日本では2000年からザナミビル(商品名リレンザ)、2001年オセルタミビル(先発品の商品名タミフル)、2010年ラニナミビル(商品名イナビル)とペラミビル(商品名ラピアクタ)、2018年バロキサビル(商品名ゾフルーザ)が季節性インフルエンザに処方されています。ザナミビルとラニナミビルは吸入薬、オセルタミビルとバロキサビルは内服薬、ペラミビルは注射薬です。

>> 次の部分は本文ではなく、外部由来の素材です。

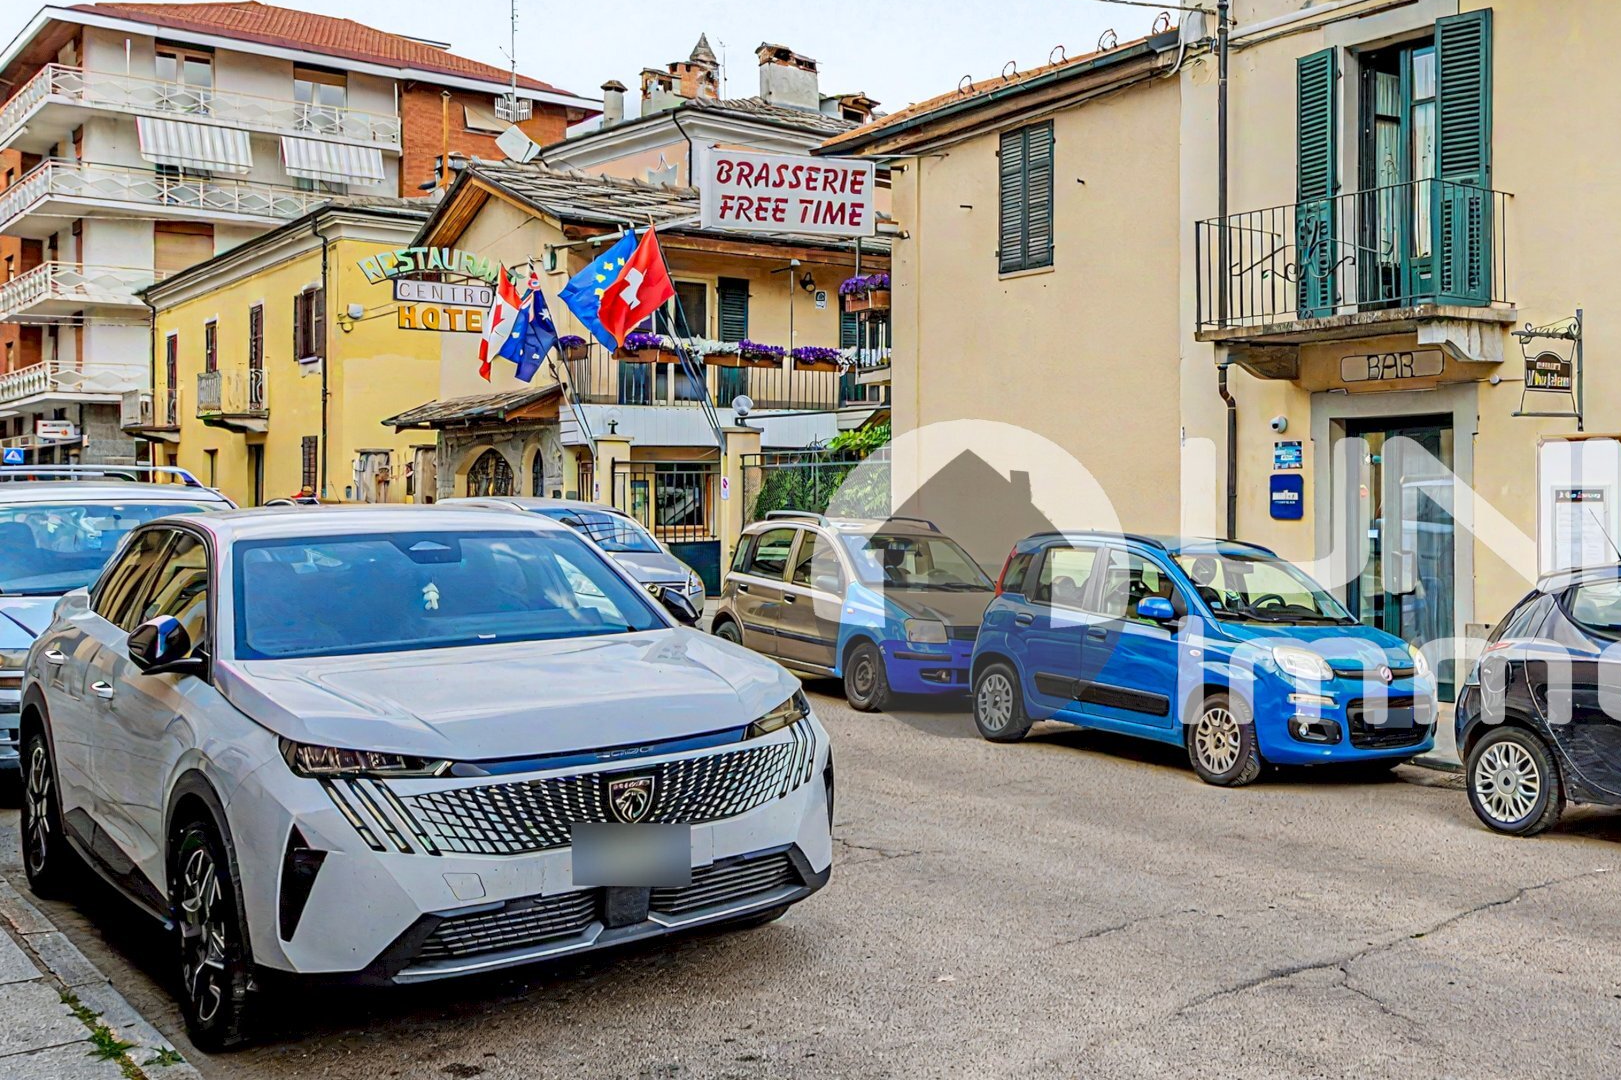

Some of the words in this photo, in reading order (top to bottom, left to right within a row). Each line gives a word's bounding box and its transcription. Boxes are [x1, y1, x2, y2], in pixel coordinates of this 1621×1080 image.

[716, 159, 867, 195] BRASSERIE
[719, 194, 789, 222] FREE
[799, 198, 865, 226] TIME
[399, 282, 493, 304] CENTRO
[398, 305, 490, 332] HOTE
[1366, 351, 1415, 380] BAR

アマンタジン(先発品の商品名シンメトレル)とファビピラビル(商品名アビガン)は今回対象としていません。

新型コロナの影響で変わった部分もありますが、日本では冬に風邪症状で受診すると、多くの場合にインフルエンザ迅速検査を行い、陽性なら若くて持病がない人も含めてほとんどの人にインフルエンザの治療薬が処方されていました。医師も患者も多くの人がこのことを当たり前と考えていますが、世界の治療薬の半分以上が日本で処方されていると言われたこともあり、日本の診療には特有の状況があると指摘されています。

季節性インフルエンザは5類感染症であり、指定された病院・クリニックから患者数が報告され、国立感染症研究所などから最近の感染状況が報告されたり、毎年1年間の流行状況をまとめたデータが公表されたりしています。ただ、患者数の推計、年齢、性別、地域、入院、死亡などのデータはありますが、治療薬についてのデータは含まれていません。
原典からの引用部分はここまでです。